Germany's flag carrier Lufthansa is planning to shed over 3,000 jobs in a bid to get on top of spiraling administrative costs. The airline wants to move into positive territory again after recent losses.
German airline Lufthansa will lay off 3,500 employees worldwide in the next couple of years, management announced on Thursday. The measure will mainly affect jobs in the administrative sector.
Lufthansa CEO Christoph Franz said the move would be part of the company's strategic restructuring and cost-cutting scheme called "Score". "Only if we restructure our current administrative setup and accept a reduction in staff will we be able to safeguard other jobs and create new ones in the long term," Franz said in a statement on Thursday.
The airline announced that cuts in staff costs would amount to about one third of the savings envisaged under the general cost-cutting scheme. Lufthansa, that way, aims to improve its operating result by 1.5 billion euros ($1.97 billion) over the next few years.
Germany's top airline suffered a net loss of 397 million euros in the first quarter of the current year.

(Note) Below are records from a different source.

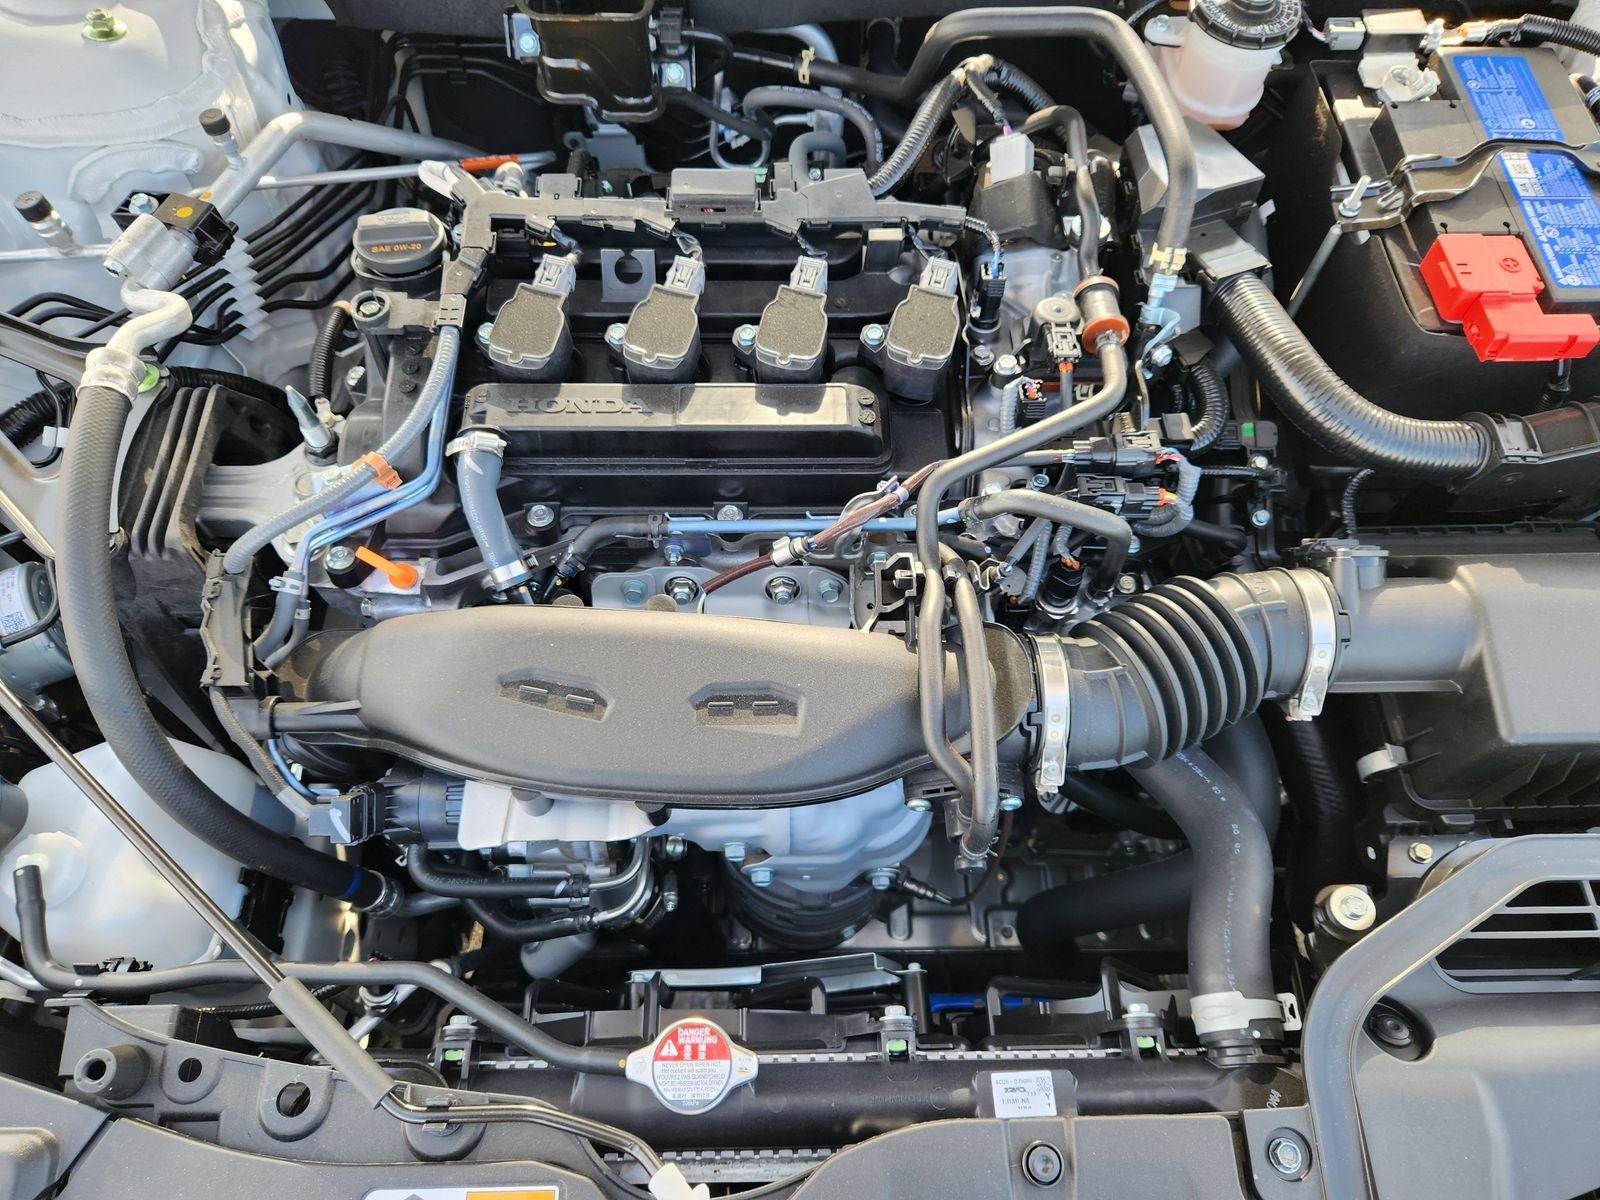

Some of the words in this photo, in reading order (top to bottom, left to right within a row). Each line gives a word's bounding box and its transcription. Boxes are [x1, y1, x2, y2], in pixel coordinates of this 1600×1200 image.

[371, 245, 391, 253] SAE
[393, 242, 422, 252] 0W-20
[506, 398, 653, 415] HONDA
[678, 1028, 710, 1036] DANGER
[678, 1035, 718, 1044] WARNUNG
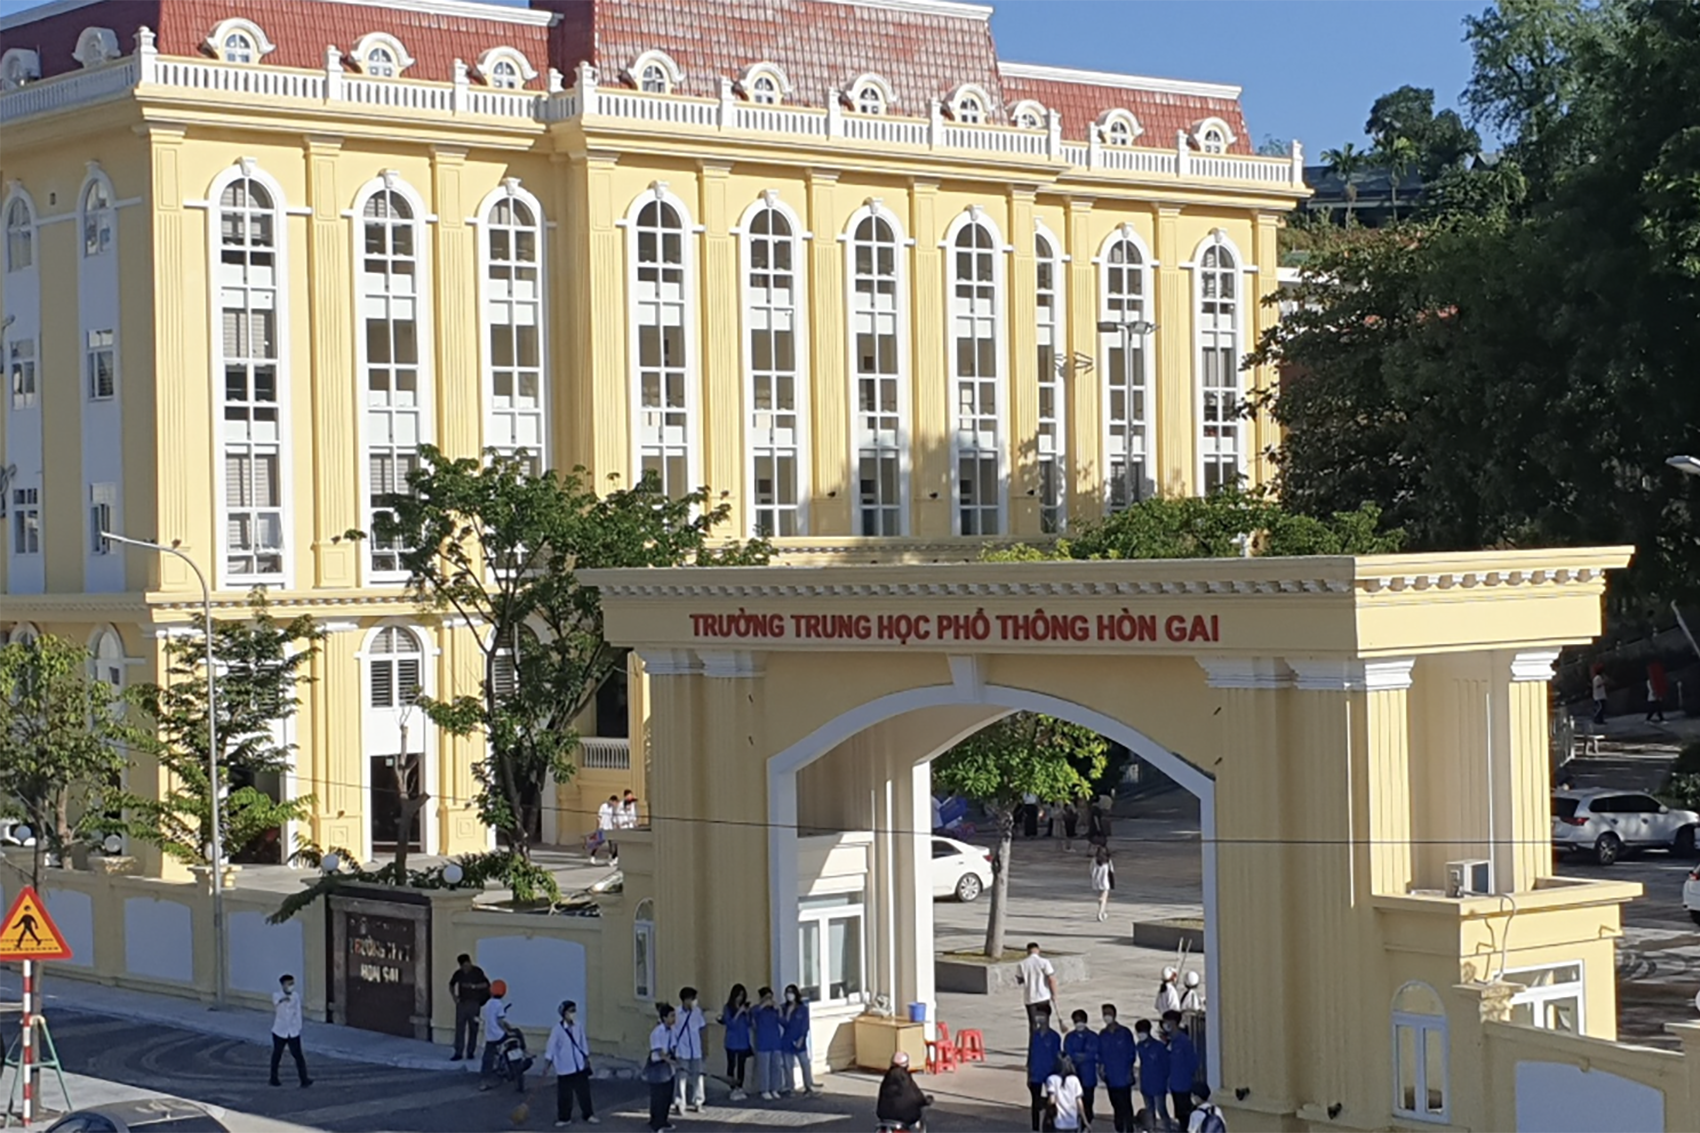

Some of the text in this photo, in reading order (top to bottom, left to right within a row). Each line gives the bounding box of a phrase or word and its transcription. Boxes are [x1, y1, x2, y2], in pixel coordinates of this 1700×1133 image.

[689, 607, 1219, 645] TRƯỜNG TRUNG HỌC PHỔ THÔNG HÒN GAI
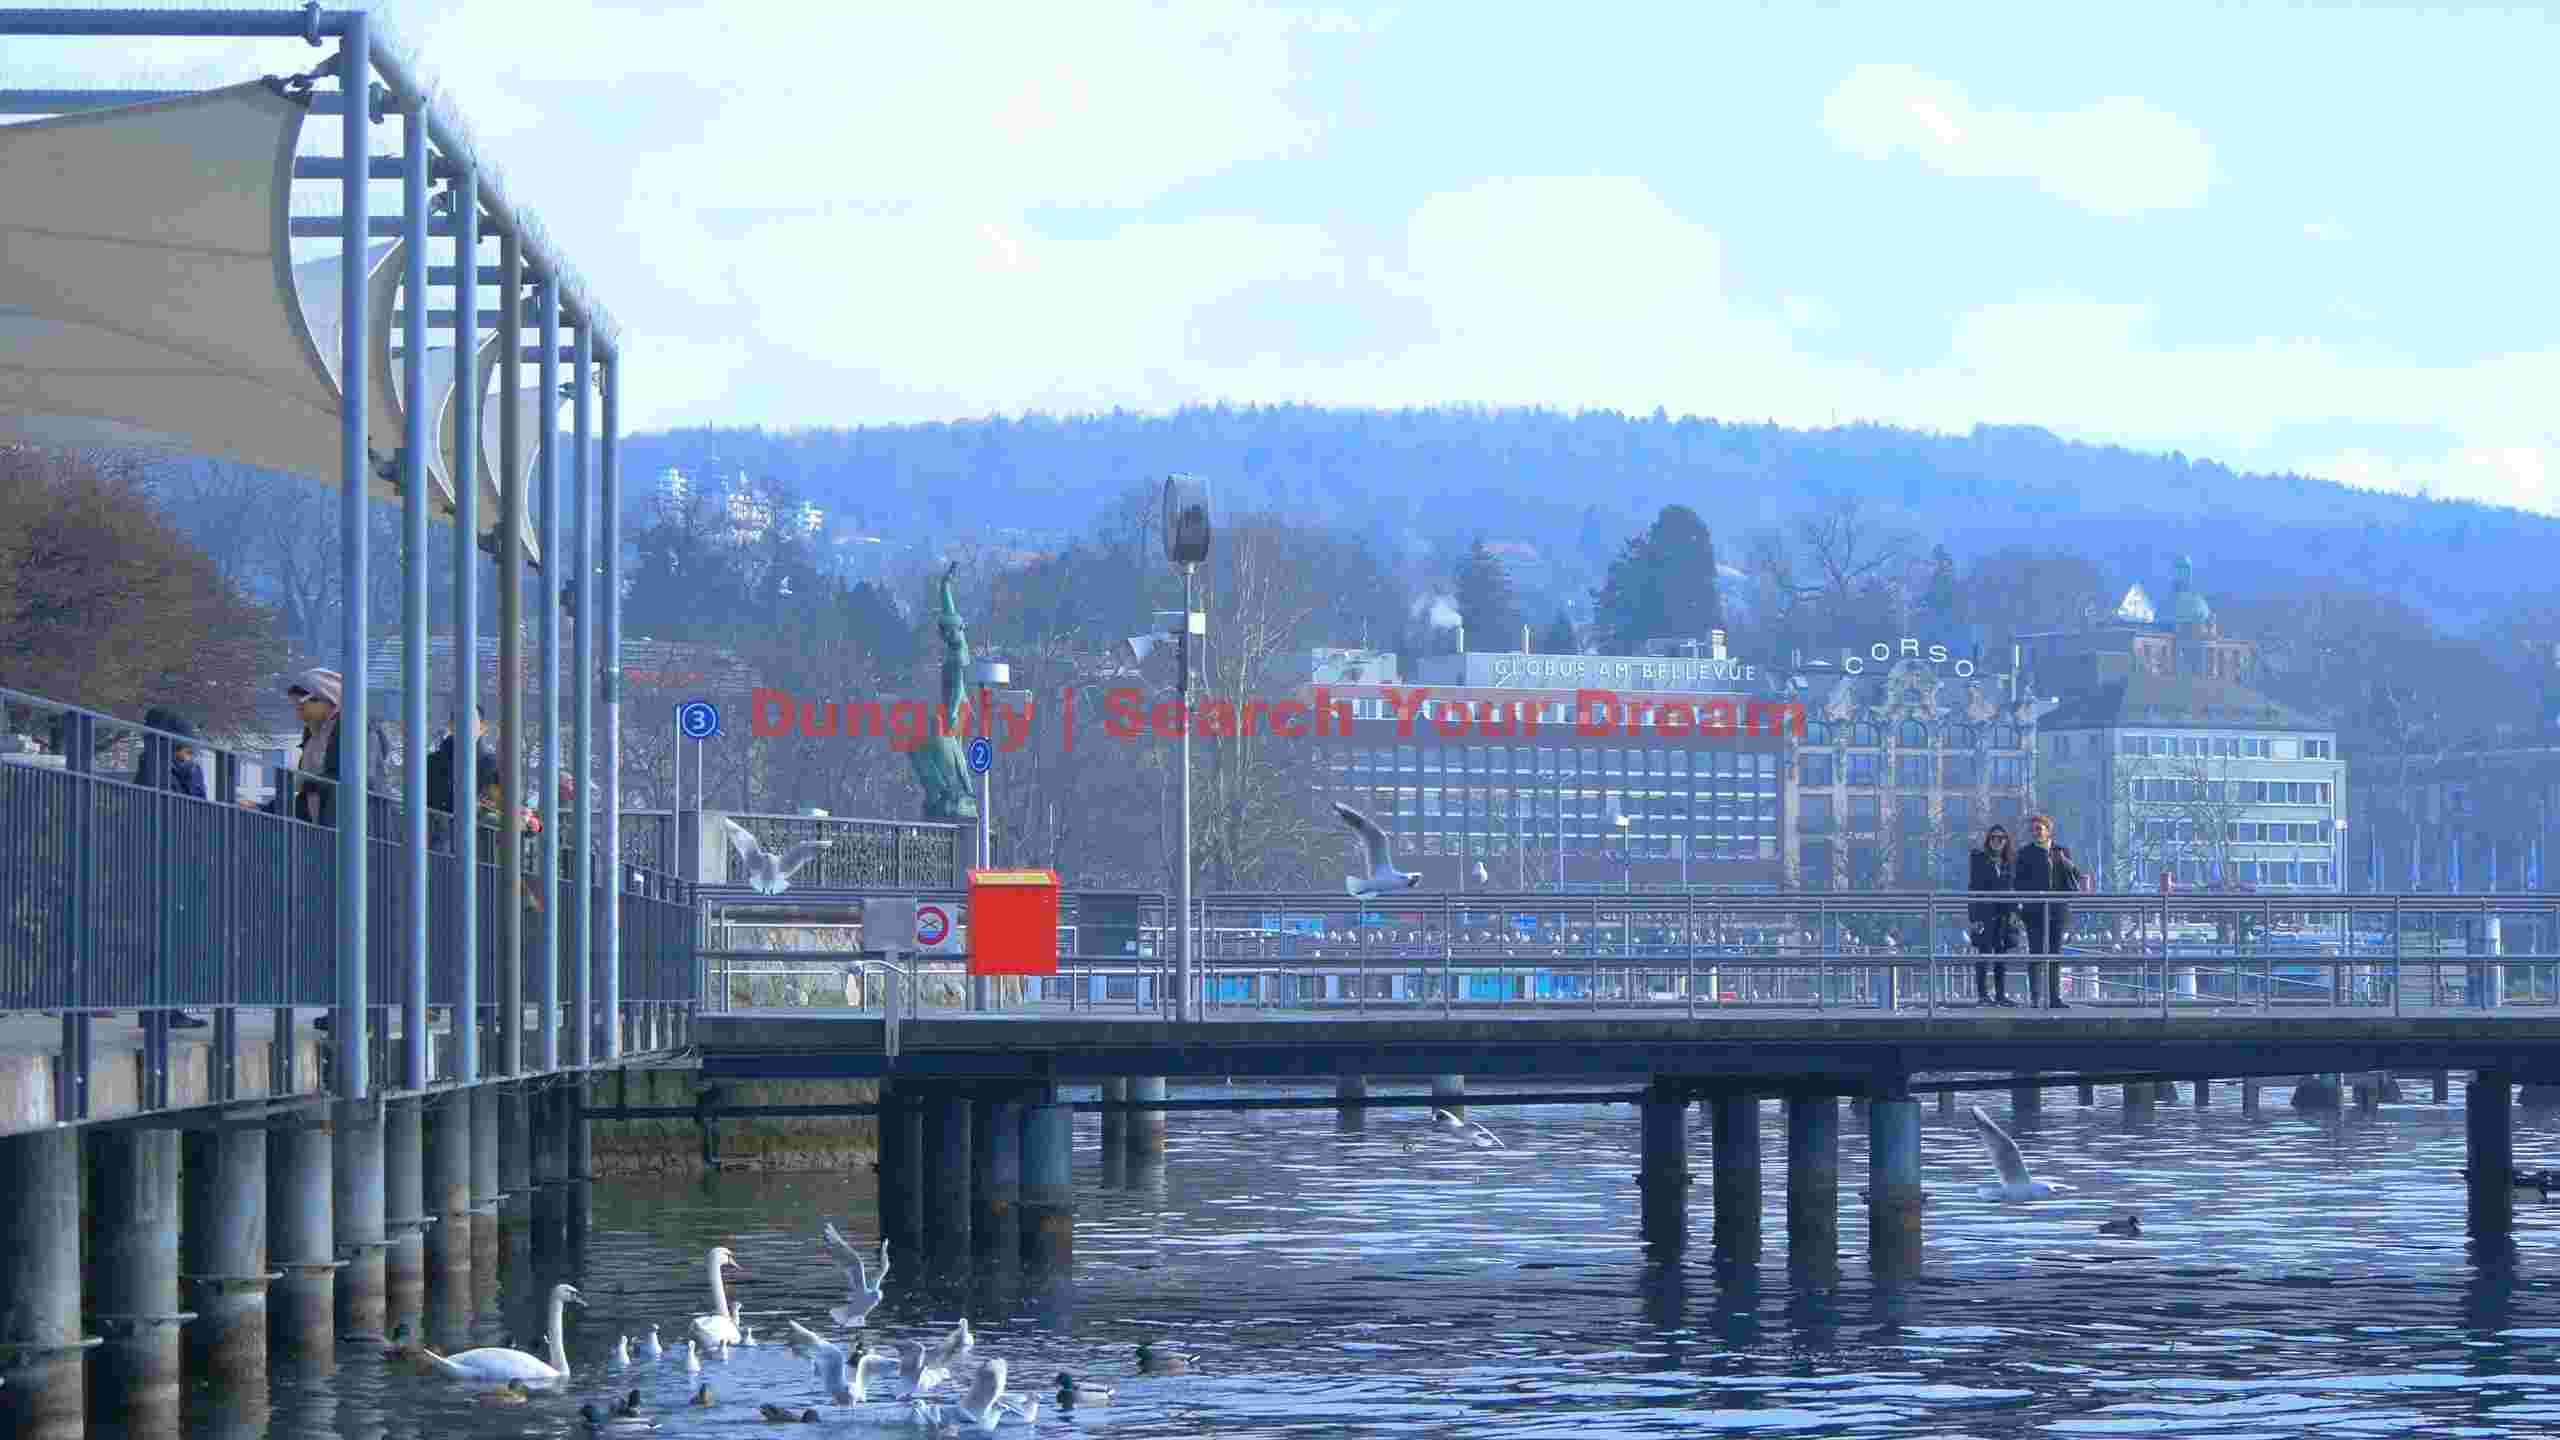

Lufthansa's operating loss of 381 million euros was about twice as much as in 2011.
First-quarter sales, however, reached 6.6 billion euros - 5.5 percent higher in a year-on-year comparison. But this could not offset the soaring price of jet fuel.
The group said it transported a total of 21.9 million passengers in the first three months of 2012, a 4.8-percent increase year-on-year. All of its carriers - Lufthansa itself, low-cost Germanwings as well as Swiss and Austrian Airlines – contributed to growth.